Mi è sembrato incredibile leggere sui nostri quotidiani online, che a Ottobre 2020, sull’intero continente antartico, era stato rilevato il più grande “buco dell’ozono” terrestre, che avrebbe causato sciagure e calamità naturali, indicandone la causa nel riscaldamento globale, e che inspiegabilmente due mesi dopo, a Dicembre, il buco non c’era più.
Perché si era richiuso da solo.
E ancora, che nonostante l’inquinamento e l’effetto serra, il Polo Sud ha una temperatura media che nel corso degli ultimi decenni è scesa di quasi 2 gradi (da -48 a -50).
Ho appreso che dagli anni ’60 esiste un divieto di sorvolo del Polo Sud e che ogni esplorazione organizzata, per verificare ipotesi fantasiose o pseudoscientiche, come quella di una zona temperata e lussureggiante al suo nucleo, sia stata sempre boicottata e annullata, dai 19 stati firmatari del “Trattato Antartico”.
Stati diventati nel frattempo 53, nel corso degli ultimi decenni.
Che in oltre 60 anni, le traversate e le esplorazione del Polo Sud, si contano sulla punta delle dita di due mani.
E strano a dirsi, che mentre si sono trovati finanziatori miliardari per lo spazio e le avventure più disparate in altre parti della Terra, per il Polo Sud, nessuno si è mai fatto avanti.
Che gli Usa hanno una supremazia mondiale su queste terre desolate, e che disciplinano gli accessi e le visite delle altre nazioni.
Ad esempio non permettono di approfondire o comparare rilievi fotografici di decenni passati con quelli attuali, coprendo intere aree con sbarramenti top secret e con immagini secretate.
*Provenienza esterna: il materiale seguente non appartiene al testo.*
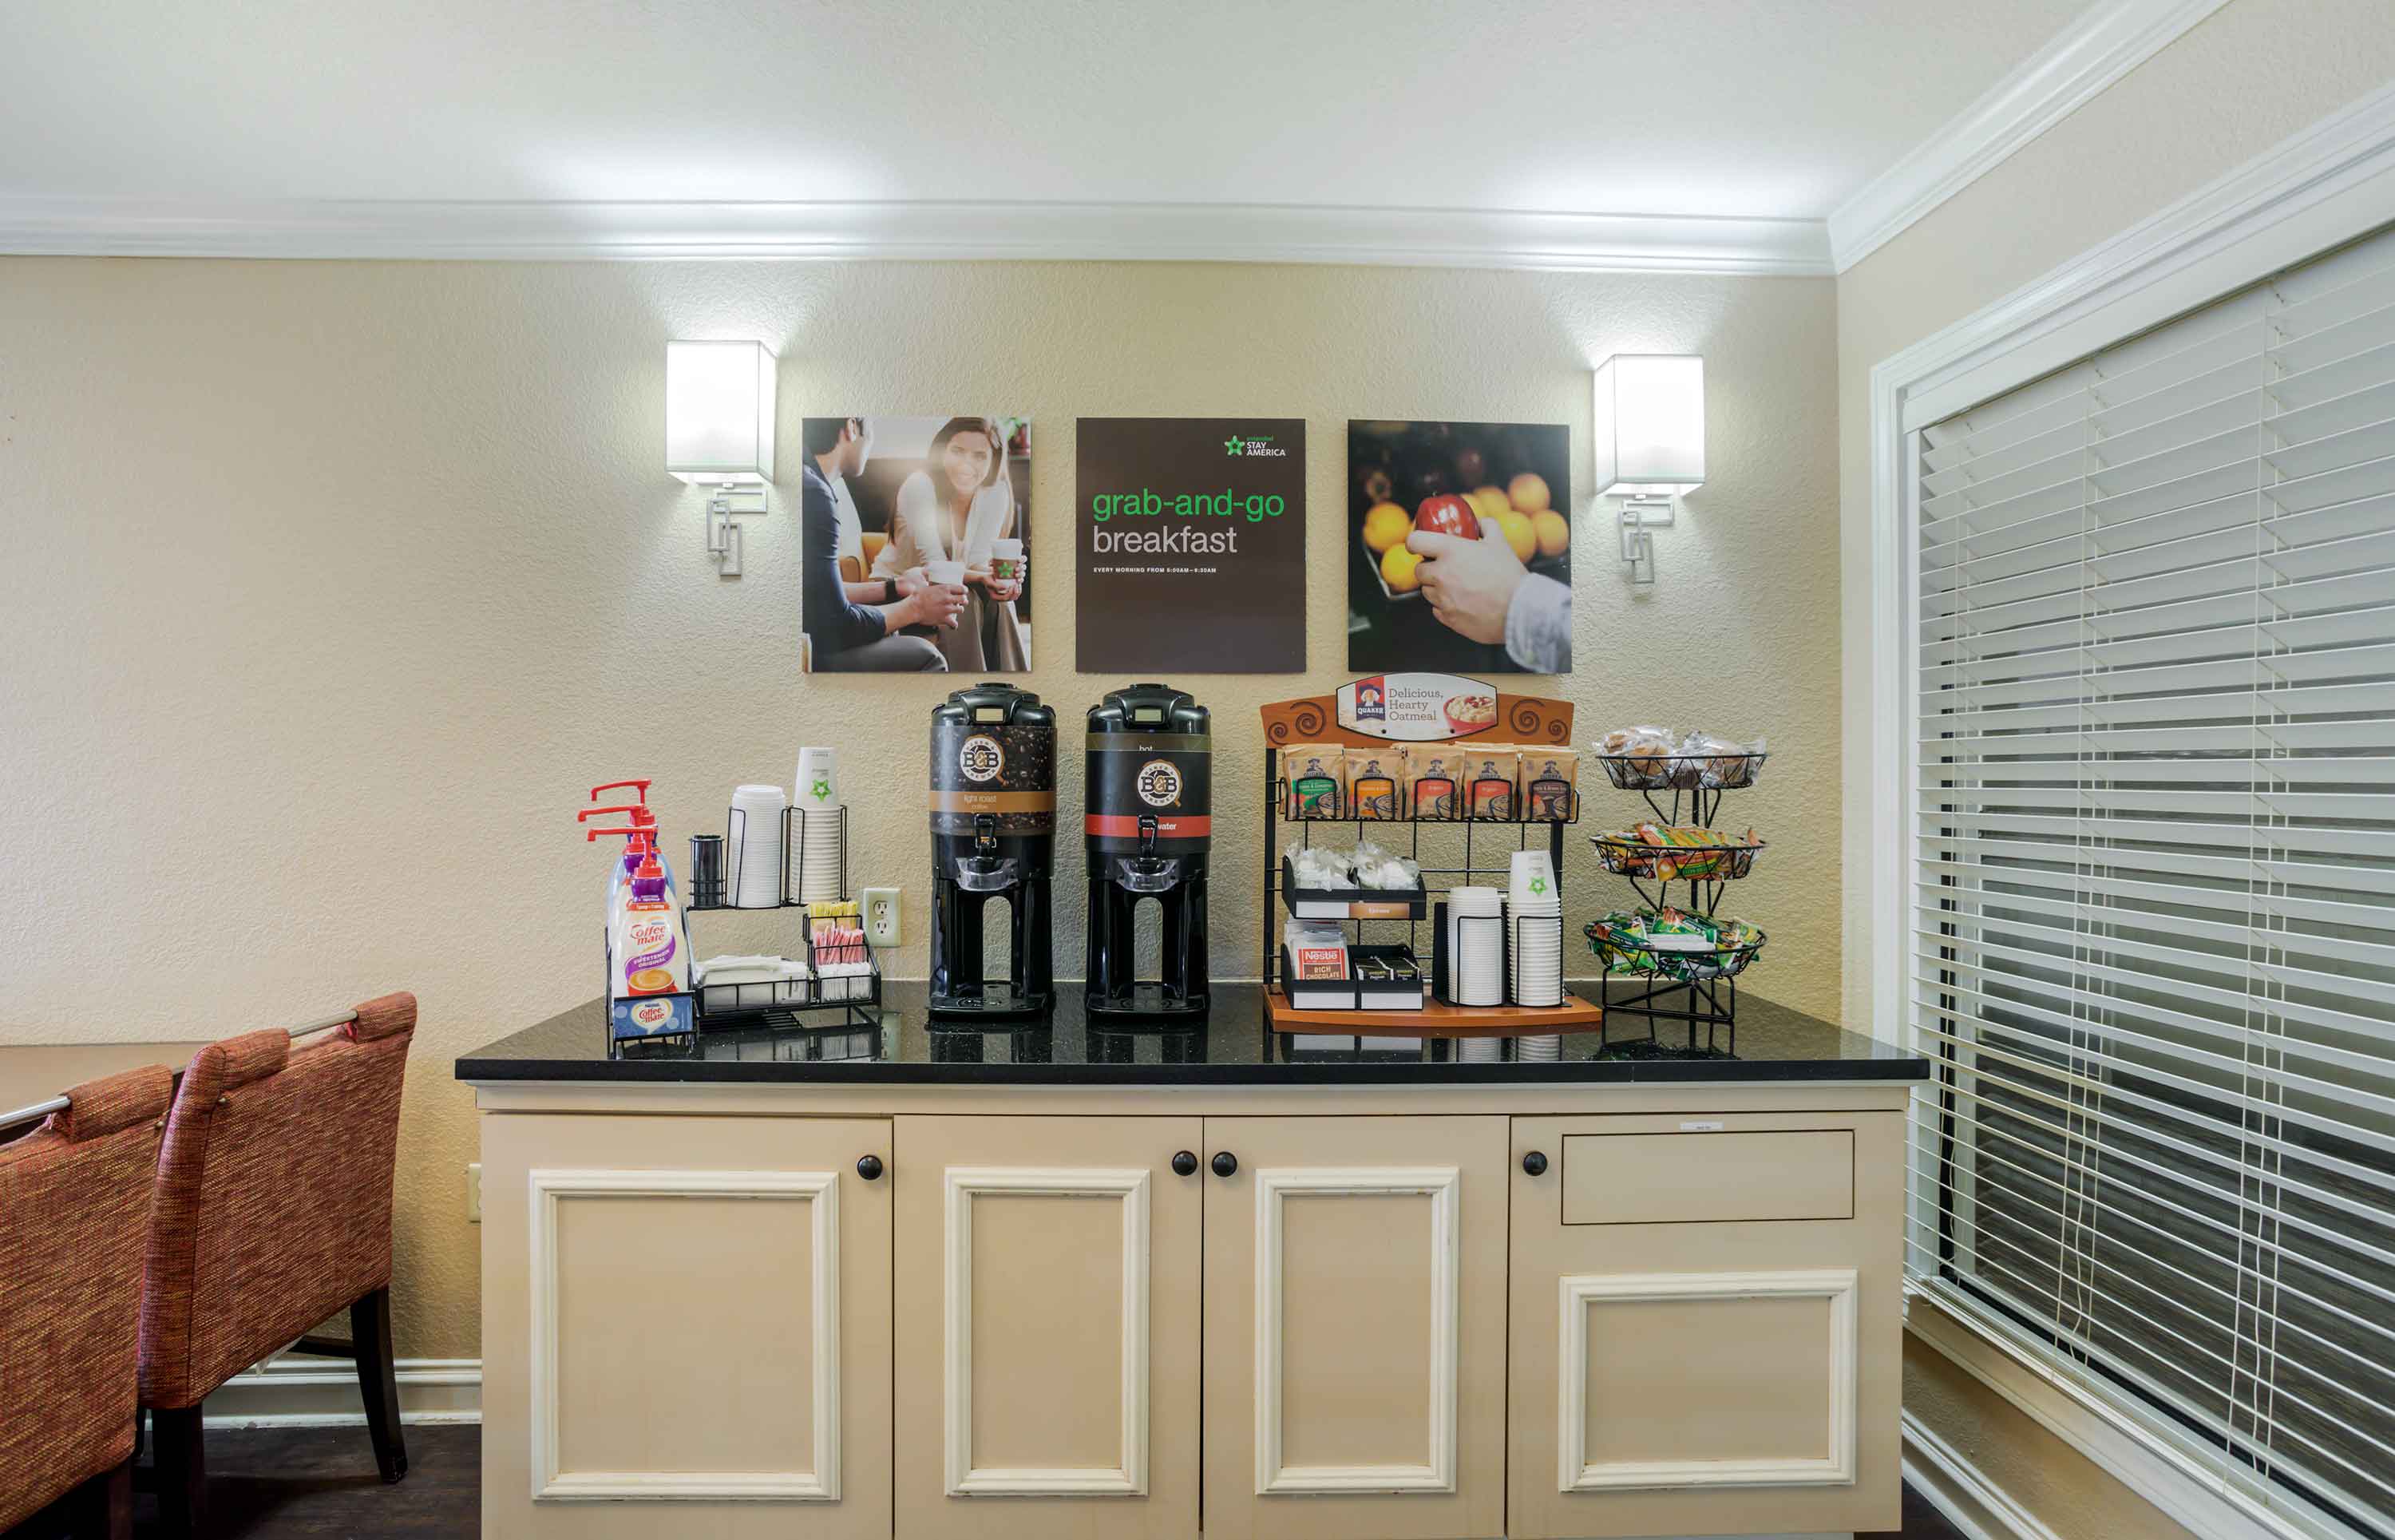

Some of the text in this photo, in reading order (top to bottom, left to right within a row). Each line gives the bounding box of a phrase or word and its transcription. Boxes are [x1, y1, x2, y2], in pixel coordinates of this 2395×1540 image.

[1092, 488, 1285, 522] grab-and-go
[1093, 525, 1237, 553] breakfast
[1389, 687, 1444, 699] Delicious,
[1389, 699, 1429, 712] Hearty
[1389, 710, 1438, 721] Oatmeal
[637, 932, 664, 945] mate
[1305, 972, 1340, 980] CHOCOLATE
Non permettono di investigare su presunti “buchi” o gallerie sotterranee, e sorvolano sulle inchieste verità russe e cinesi sul ritrovamento di basi e relitti di veicoli non identificati, che testimonierebbero l’esistenza di creature extraterrestri.
Insomma i Richard Branson, proprietrio della Virgin e gli Elon Musk, padrone di Testa, pianificano di sbarcare su Marte, mentre il nostro pianeta resta una incognita gigantesca per il 99% dei suoi abitanti.
E nel frattempo meglio dire (e studiare) che Poli = ghiaccio e gelo, senza tanti trip mentali, perché  Galileo Galilei, diventò cieco per difendere la sua verità e francamente oggi … non ne vale la pena!